* DATASET
◆ ◆ ◆ ◆ ◆
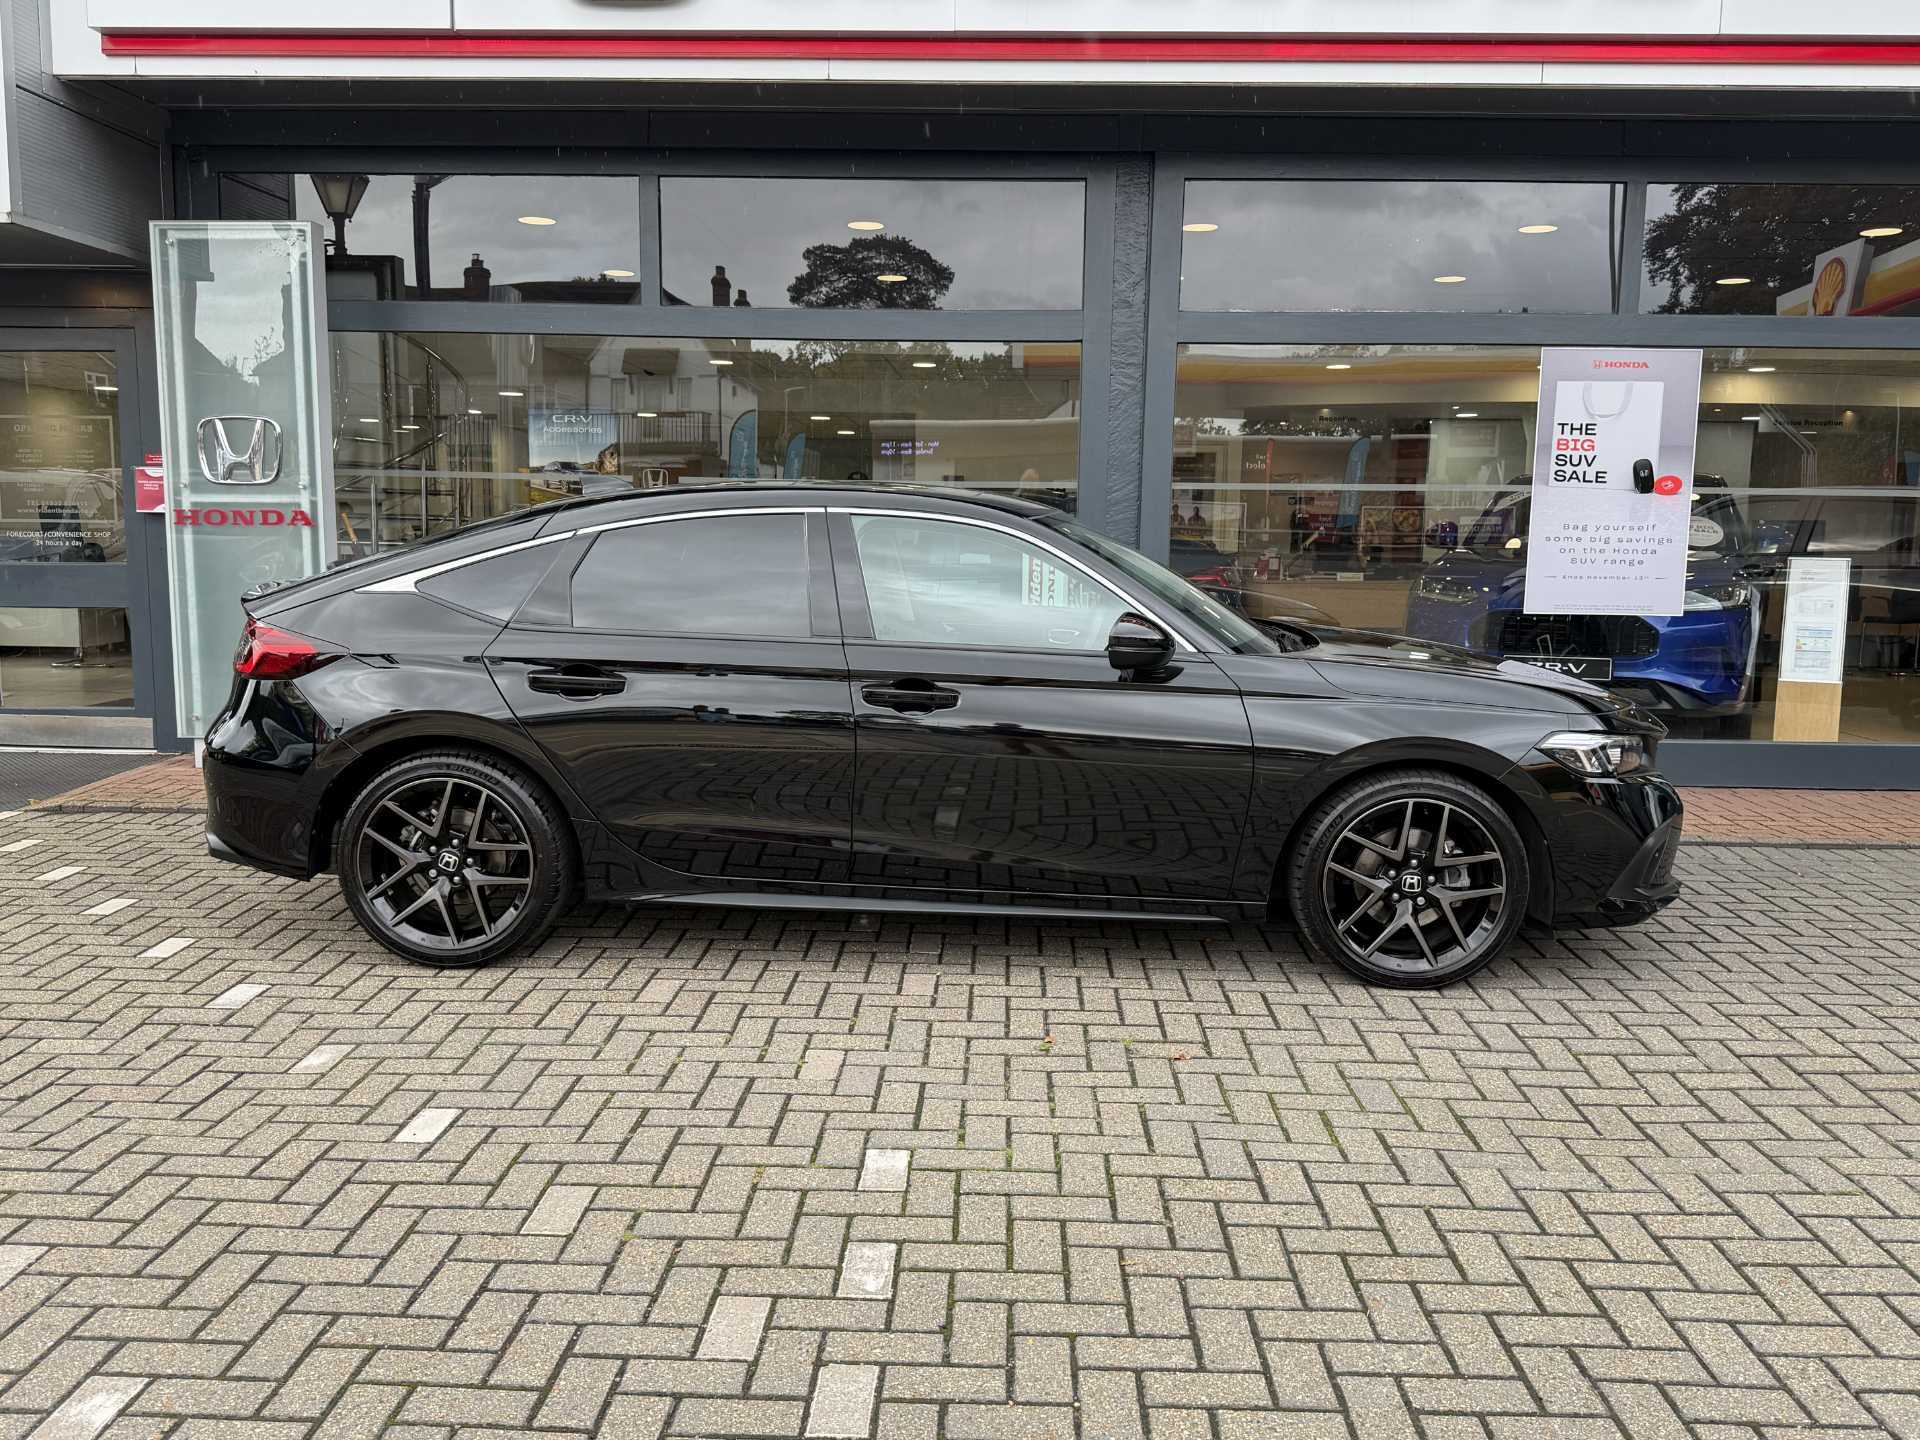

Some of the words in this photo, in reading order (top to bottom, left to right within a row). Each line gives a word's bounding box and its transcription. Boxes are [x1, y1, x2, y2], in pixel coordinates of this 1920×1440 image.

[1604, 361, 1650, 369] HONDA
[552, 414, 593, 423] CR-V
[1557, 423, 1597, 436] THE
[1556, 438, 1596, 452] BIG
[1554, 454, 1598, 468] SUV
[1553, 470, 1608, 484] SALE
[173, 508, 316, 528] HONDA
[1562, 523, 1589, 532] Bag
[1594, 523, 1657, 532] yourself
[71, 540, 83, 548] day
[1589, 535, 1611, 545] big
[1617, 535, 1673, 546] savings
[1613, 547, 1657, 555] Honda
[1569, 557, 1597, 565] SUV
[1603, 559, 1645, 567] range
◆ ◆ ◆ ◆ ◆
* DIRECTIONS FOR THIS TASK
Set down every record above exactly as it stands, but skip the pictures.

* WRITTEN RESPONSE
Some of the words in this photo, in reading order (top to bottom, left to right within a row). Each line gives a word's bounding box and its transcription. Boxes are [x1, y1, x2, y2], in pixel coordinates of this 1920×1440 image.

[1604, 361, 1650, 369] HONDA
[552, 414, 593, 423] CR-V
[1557, 423, 1597, 436] THE
[1556, 438, 1596, 452] BIG
[1554, 454, 1598, 468] SUV
[1553, 470, 1608, 484] SALE
[173, 508, 316, 528] HONDA
[1562, 523, 1589, 532] Bag
[1594, 523, 1657, 532] yourself
[71, 540, 83, 548] day
[1589, 535, 1611, 545] big
[1617, 535, 1673, 546] savings
[1613, 547, 1657, 555] Honda
[1569, 557, 1597, 565] SUV
[1603, 559, 1645, 567] range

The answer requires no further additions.